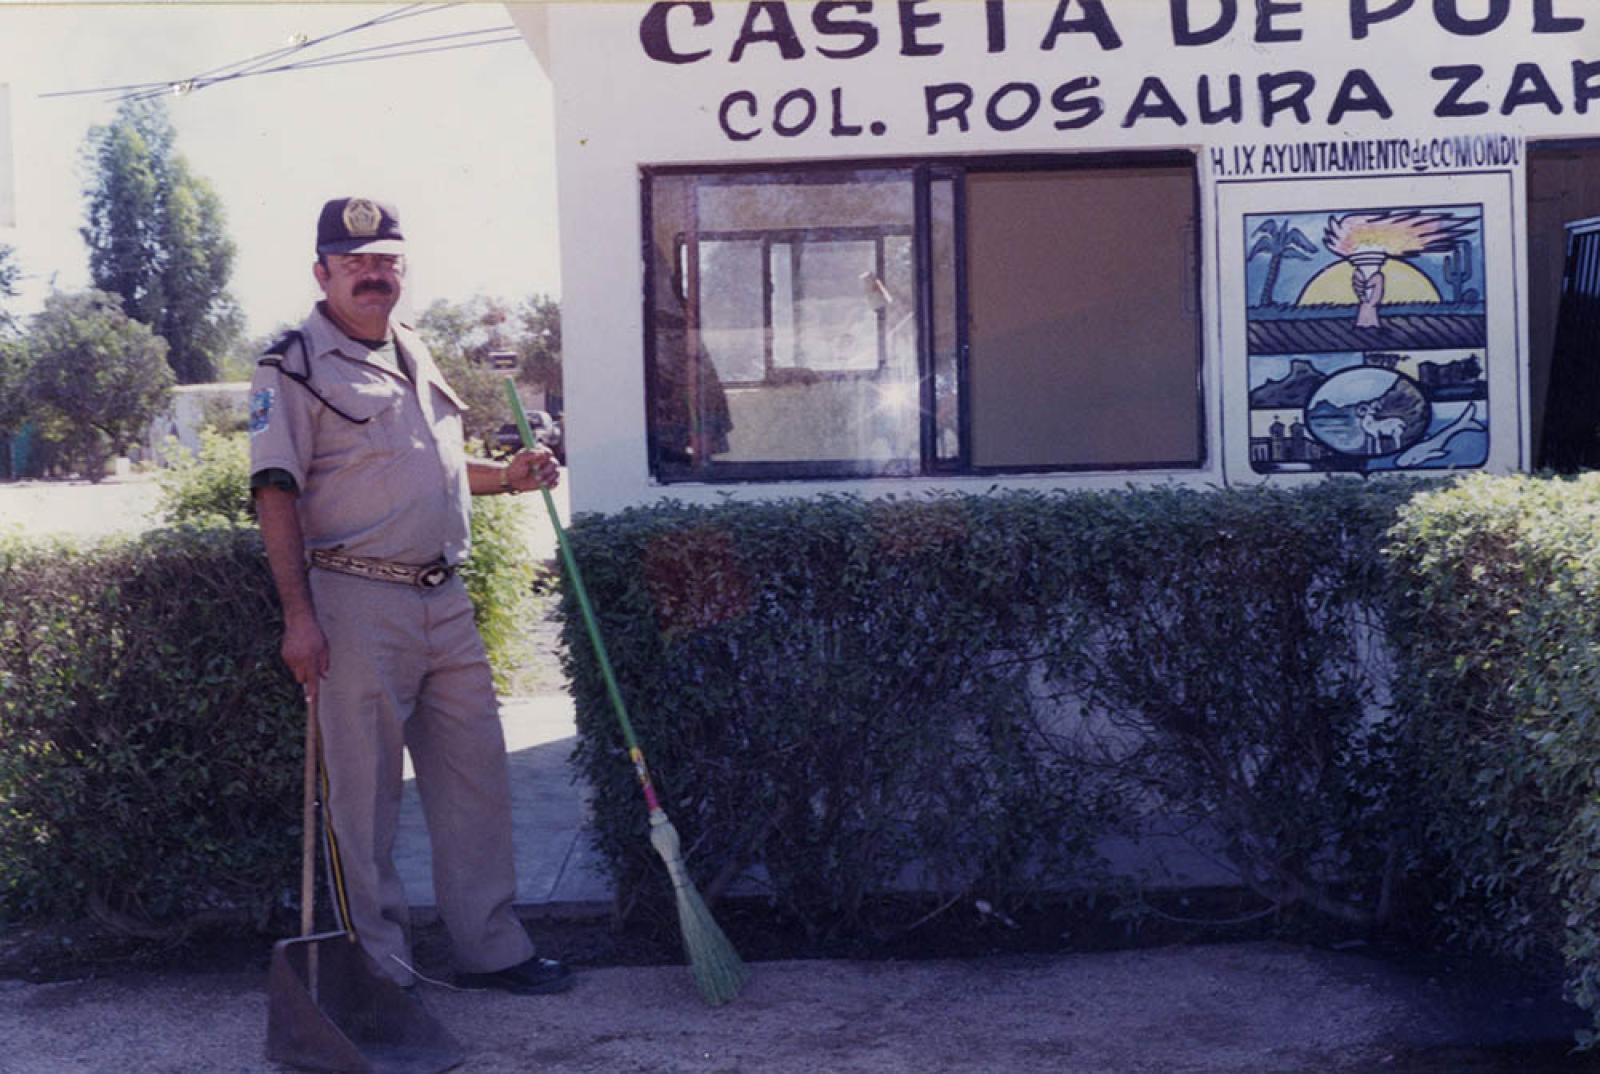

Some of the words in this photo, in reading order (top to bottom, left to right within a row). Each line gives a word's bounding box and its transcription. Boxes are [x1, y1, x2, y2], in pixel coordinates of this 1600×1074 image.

[639, 0, 1123, 65] CASETA
[1170, 0, 1303, 47] DE
[718, 87, 887, 142] COL.
[924, 68, 1393, 136] ROSAURA
[1261, 138, 1410, 174] AYUNTAMIENTO
_ _ _ _ _ _ _
### Assignment
Could you retype the whole listing word for word, minus its pictures?

### Solution to this task
Some of the words in this photo, in reading order (top to bottom, left to right within a row). Each line gives a word's bounding box and its transcription. Boxes are [x1, y1, x2, y2], in pixel coordinates of this 1600×1074 image.

[639, 0, 1123, 65] CASETA
[1170, 0, 1303, 47] DE
[718, 87, 887, 142] COL.
[924, 68, 1393, 136] ROSAURA
[1261, 138, 1410, 174] AYUNTAMIENTO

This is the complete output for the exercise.